Problem description: All of the data, word for word and free of pictures, is the expected result.

Excerpted records:
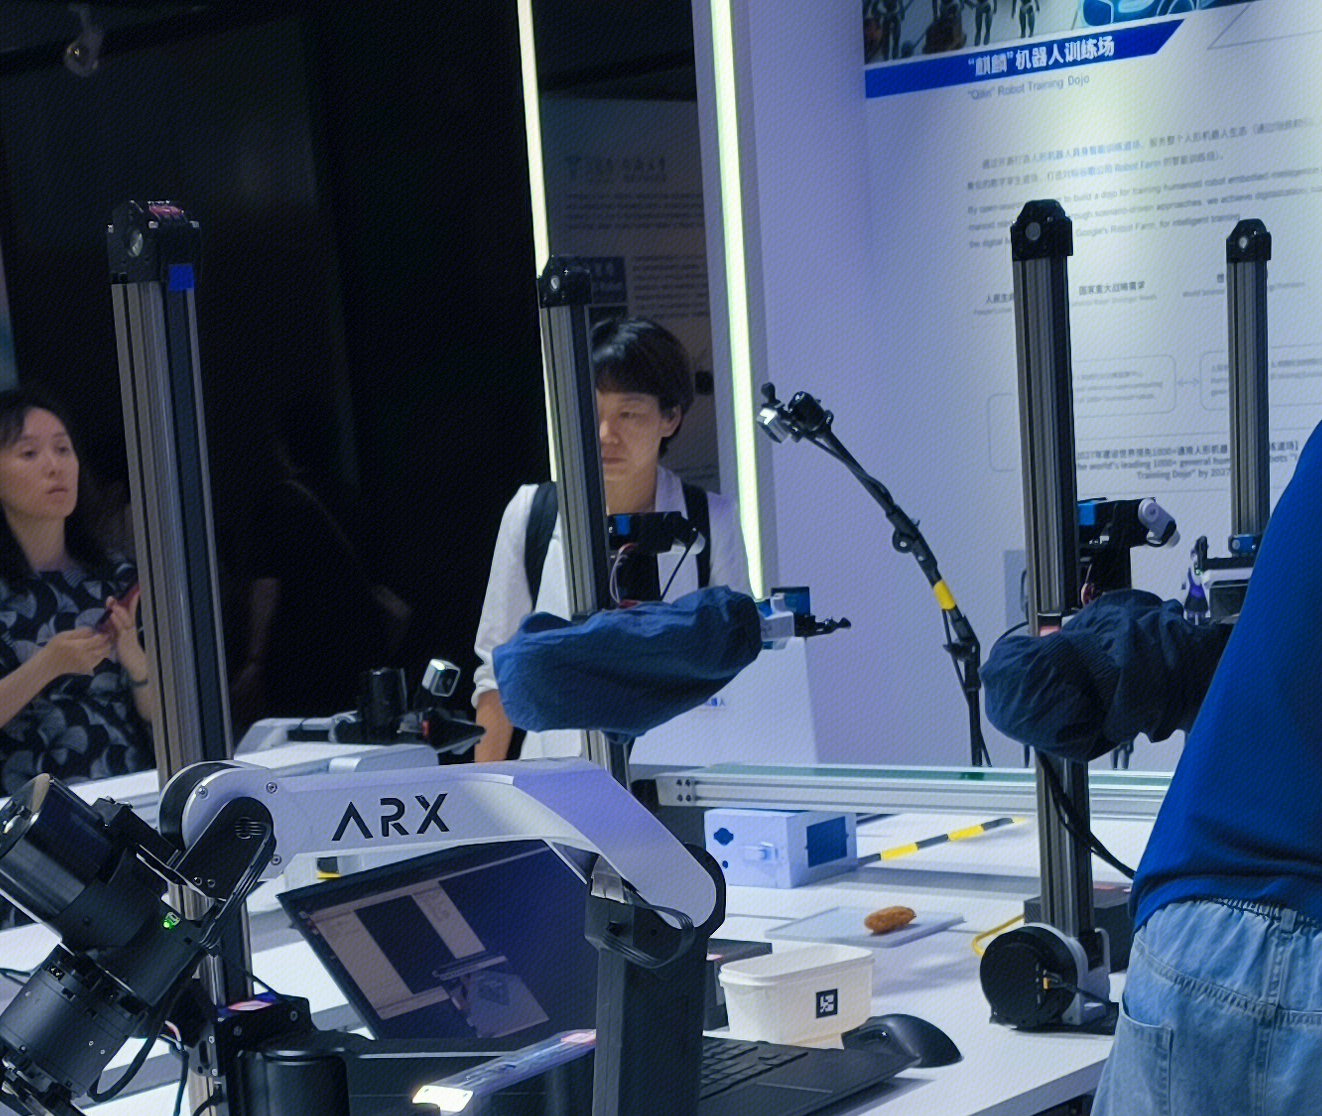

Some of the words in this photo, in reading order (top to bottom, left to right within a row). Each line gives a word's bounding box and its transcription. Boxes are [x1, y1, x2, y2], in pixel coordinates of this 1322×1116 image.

[998, 81, 1025, 96] Robot
[1028, 78, 1063, 93] Training
[1067, 73, 1090, 87] Dojo
[331, 792, 450, 841] ARX

Output:
Some of the words in this photo, in reading order (top to bottom, left to right within a row). Each line gives a word's bounding box and its transcription. Boxes are [x1, y1, x2, y2], in pixel coordinates of this 1322×1116 image.

[998, 81, 1025, 96] Robot
[1028, 78, 1063, 93] Training
[1067, 73, 1090, 87] Dojo
[331, 792, 450, 841] ARX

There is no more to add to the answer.